C’était le confident, le sherpa. Il était plus direct, plus rugueux et moins retors que le Président burkinabè. Durant nos échanges, il sous-entendait sans ambages que s’il pouvait se débarrasser de Gbagbo, il n’hésiterait pas. Il faut dire que la victoire de ce dernier a mis à mal la communauté burkinabè de Côte d’Ivoire, forte de plusieurs millions de ressortissants, notamment dans les plantations de cacao.

Avez-vous répercuté à Villepin ?

Naturellement, c’est même Salif Diallo qui m’y a incité.

Outre son influence sur le Président burkinabè, il fut son émissaire pour le transport de fonds en provenance de Ouaga.

À l’approche de la Présidentielle de 2002 en France, bis repetita donc ! La «chiraquie» m’a redemandé de collecter de l’argent. Le Président burkinabè faisait partie des donateurs assidus même s’il m’avoua que les caisses ne débordaient pas. En novembre 2001, j’ai calé une importante remise de fonds avec Salif Diallo à Ouagadougou où je me suis rendu avant que lui-même ne vienne à Paris. Il était descendu au Sofitel Champs Elysées où je suis allé le chercher. Et là, très gros problème : l’argent n’était pas dans des sacs ou des mallettes, mais dans des djembés ! «Grand frère, le patron a dit qu’il fallait que cela passe inaperçu. Il a eu cette idée, car Villepin adore la musique».

C’était le dimanche 18 novembre, nous nous sommes retrouvés tous les deux devant quatre tambours remplis de dollars : 3 millions au total. J’étais incrédule. Villepin devait le rencontrer en soirée. Nous sommes montés dans une voiture de l’ambassade du Burkina Faso. Salif Diallo est très grand, et les djembés ne rentraient pas tous dans le coffre.

Comment avez-vous procédé ?

Il m’a demandé de prendre ma voiture personnelle, mais comme je venais d’être opéré d’une hernie discale et que je refusais de toucher à cet argent, j’ai demandé à mon fils, Olivier, un solide gaillard, de m’accompagner. Comme d’habitude, tout le monde était avisé. Cette fois, nous sommes rentrés directement dans la cour de l’Elysée. Les gendarmes ne paraissaient absolument pas surpris. Et voici mon fils et Salif Diallo sortant les djembés de la voiture, aidés par Nadine Izard. Imaginez un peu la scène : les gendarmes, les huissiers en habits…
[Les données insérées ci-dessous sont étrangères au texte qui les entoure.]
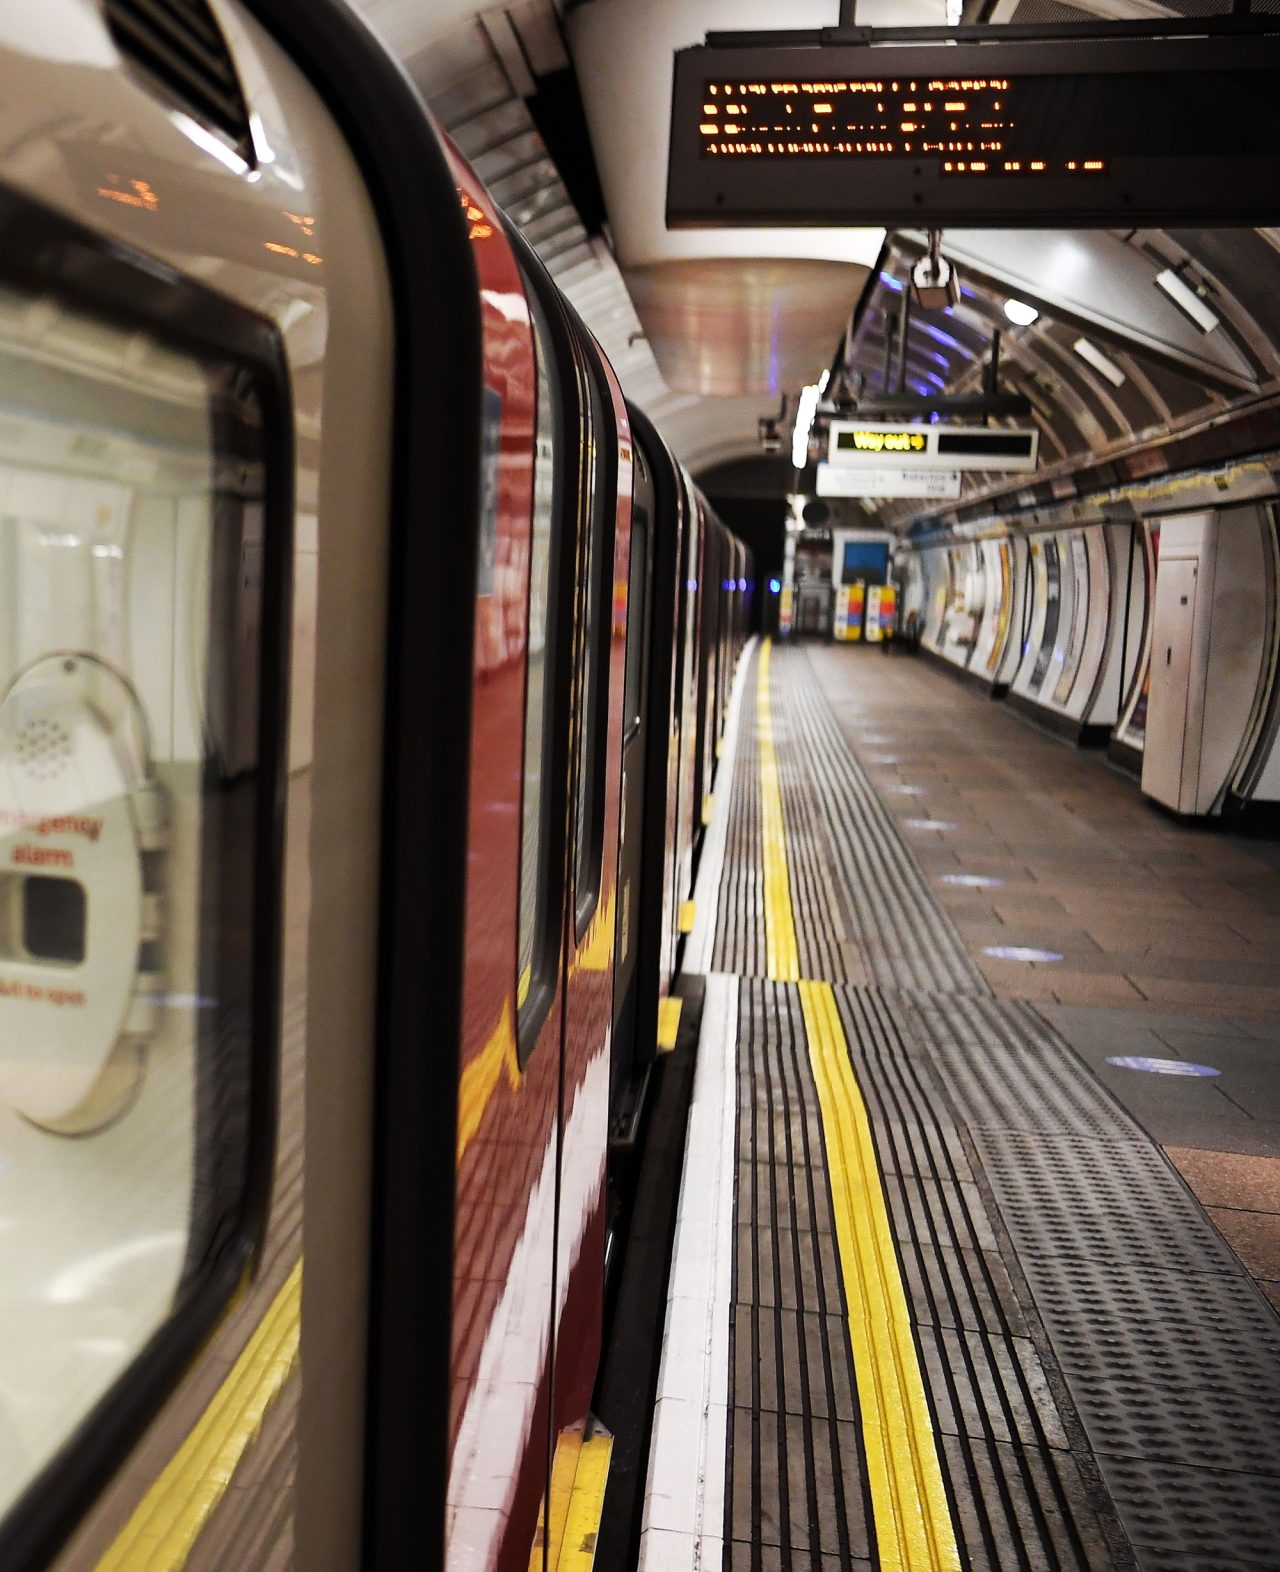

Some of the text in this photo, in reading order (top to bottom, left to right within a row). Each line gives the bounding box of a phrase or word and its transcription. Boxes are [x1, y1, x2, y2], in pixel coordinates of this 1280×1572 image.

[853, 431, 910, 452] Way out
[10, 843, 75, 867] alarm
Nous sommes montés jusqu’au bureau de Villepin avec nos djembés pleins à craquer. Il nous a salués tout en posant les questions habituelles sur le montant. Salif Diallo a présenté ses excuses parce qu’il s’agissait de dollars. Le secrétaire général de l’Elysée est ensuite allé chercher Jacques Chirac :

– Monsieur le Président, vos visiteurs sont arrivés. Il a débarqué en chemise cravate, sans veste : – Alors chers amis, comment allez-vous ?

Les quatre djembés étaient debout devant lui. On se serait cru à un concert de Bob Marley. Lorsqu’il a aperçu mon fils, il a eu un moment d’hésitation, croyant qu’il s’agissait d’un journaliste.

C’était la première fois qu’il était embarqué dans vos opérations ?

Oui. Chirac posé les questions d’usage sur ses études, etc. Puis j’ai demandé à Olivier d’attendre dans le bureau de Nadine lzard.

Vous vous retrouvez à quatre dans le bureau du président de la République.

Il n’avait d’yeux que pour les djembés et regardait à peine Salif Diallo. Il lui a tout de même demandé comment se portait son président, Blaise Compaoré. Salif Diallo s’est de nouveau excusé pour la devise. Puis Chirac a paru interrogatif, car ignorant par où l’argent devait sortir. Les djembés avaient été scellés par le fond, il fallait en découper la peau. Il s’est tourné vers moi pour savoir si j’étais outillé pour cela. Je lui ai répondu par la négative.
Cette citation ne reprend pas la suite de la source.